Problem details: With the images removed, write out each record exactly as given.

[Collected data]
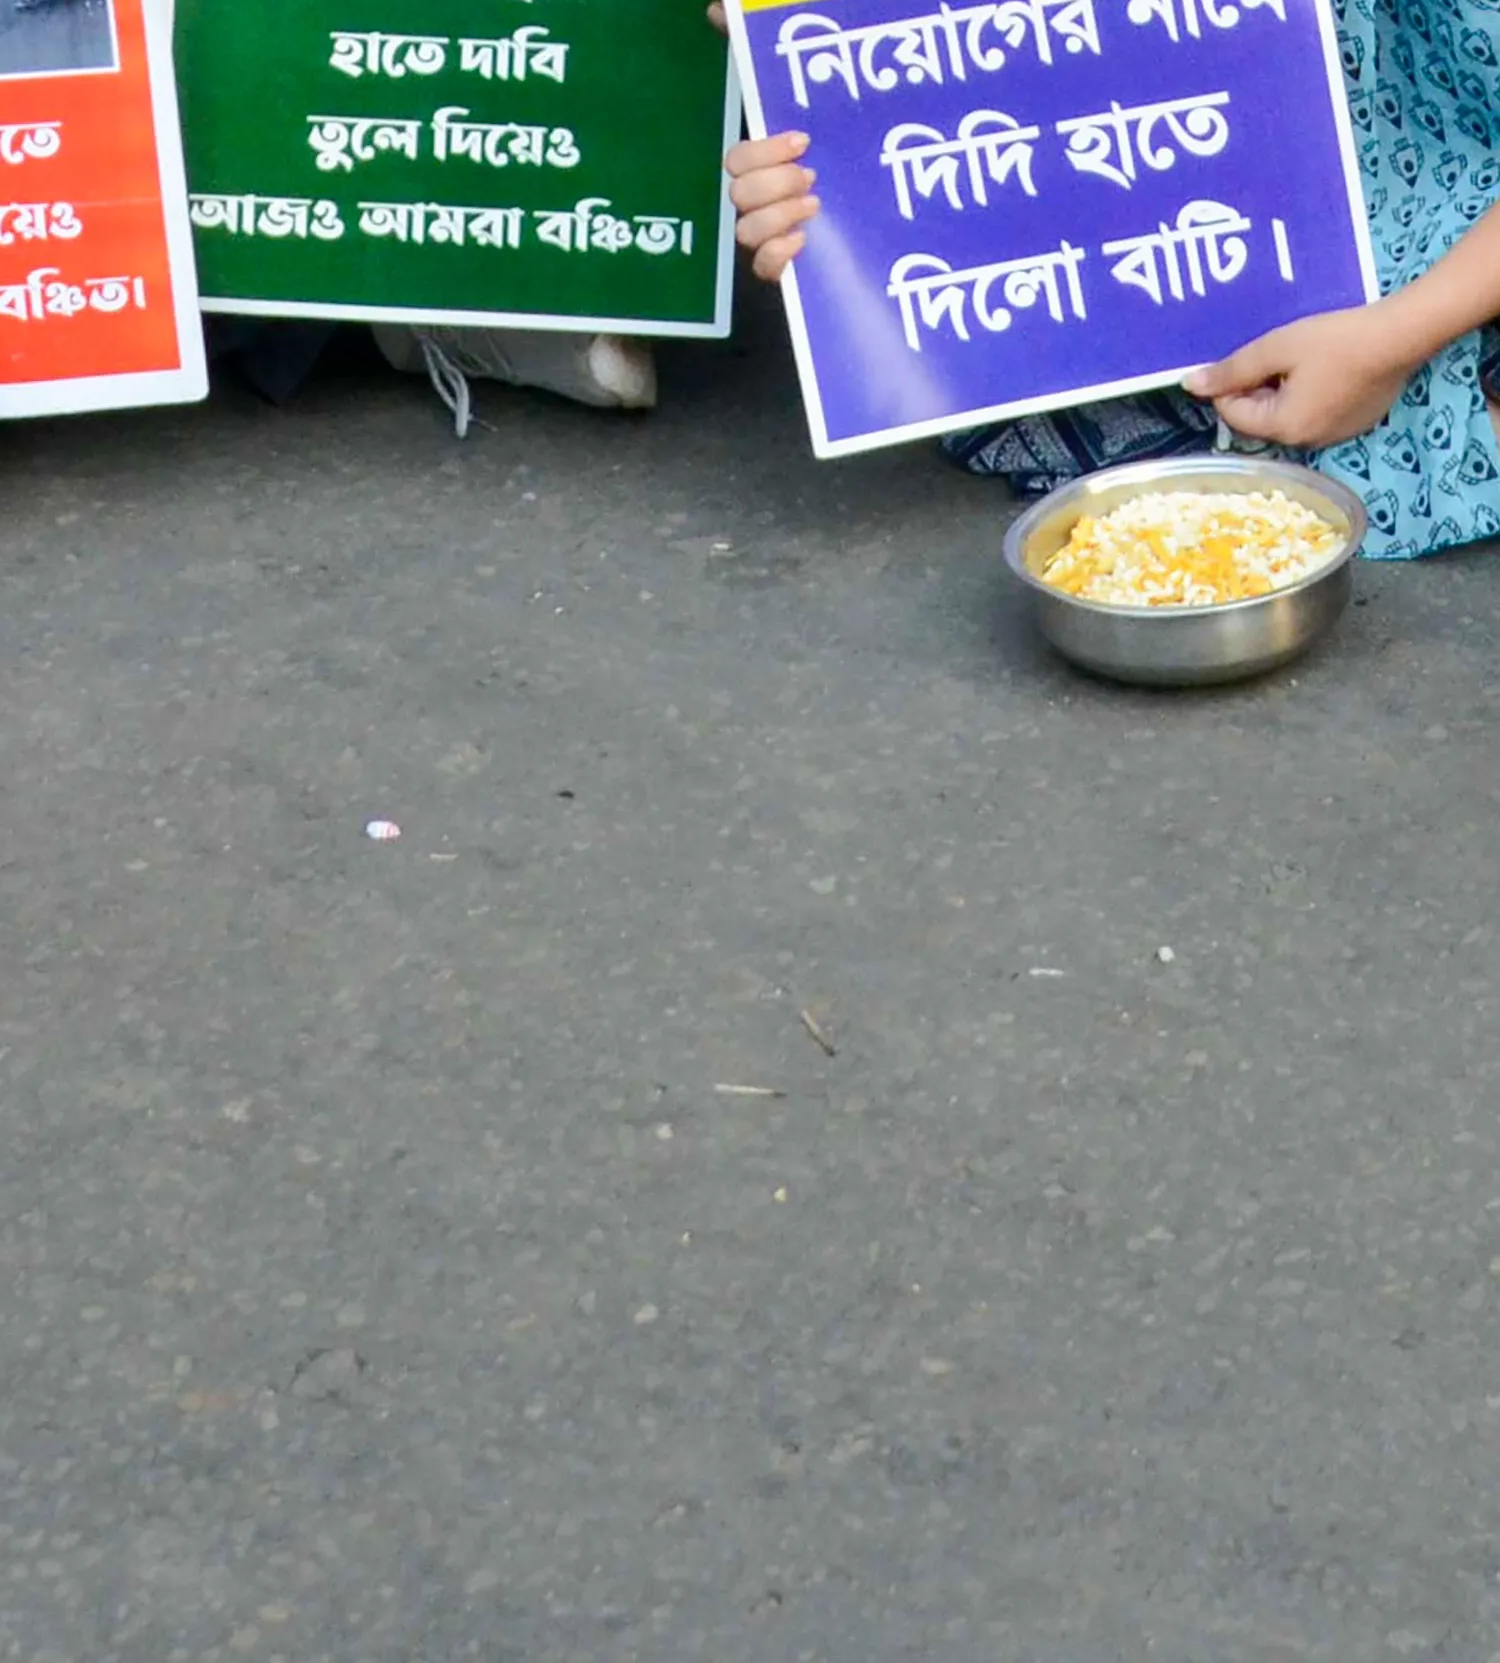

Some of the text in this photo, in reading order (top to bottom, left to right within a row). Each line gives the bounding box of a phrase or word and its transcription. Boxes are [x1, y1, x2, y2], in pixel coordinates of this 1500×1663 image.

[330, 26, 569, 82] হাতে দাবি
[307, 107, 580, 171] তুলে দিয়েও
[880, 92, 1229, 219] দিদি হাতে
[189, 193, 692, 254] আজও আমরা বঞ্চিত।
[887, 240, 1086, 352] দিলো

Solved problem:
Some of the text in this photo, in reading order (top to bottom, left to right within a row). Each line gives the bounding box of a phrase or word and its transcription. Boxes are [x1, y1, x2, y2], in pixel coordinates of this 1500×1663 image.

[330, 26, 569, 82] হাতে দাবি
[307, 107, 580, 171] তুলে দিয়েও
[880, 92, 1229, 219] দিদি হাতে
[189, 193, 692, 254] আজও আমরা বঞ্চিত।
[887, 240, 1086, 352] দিলো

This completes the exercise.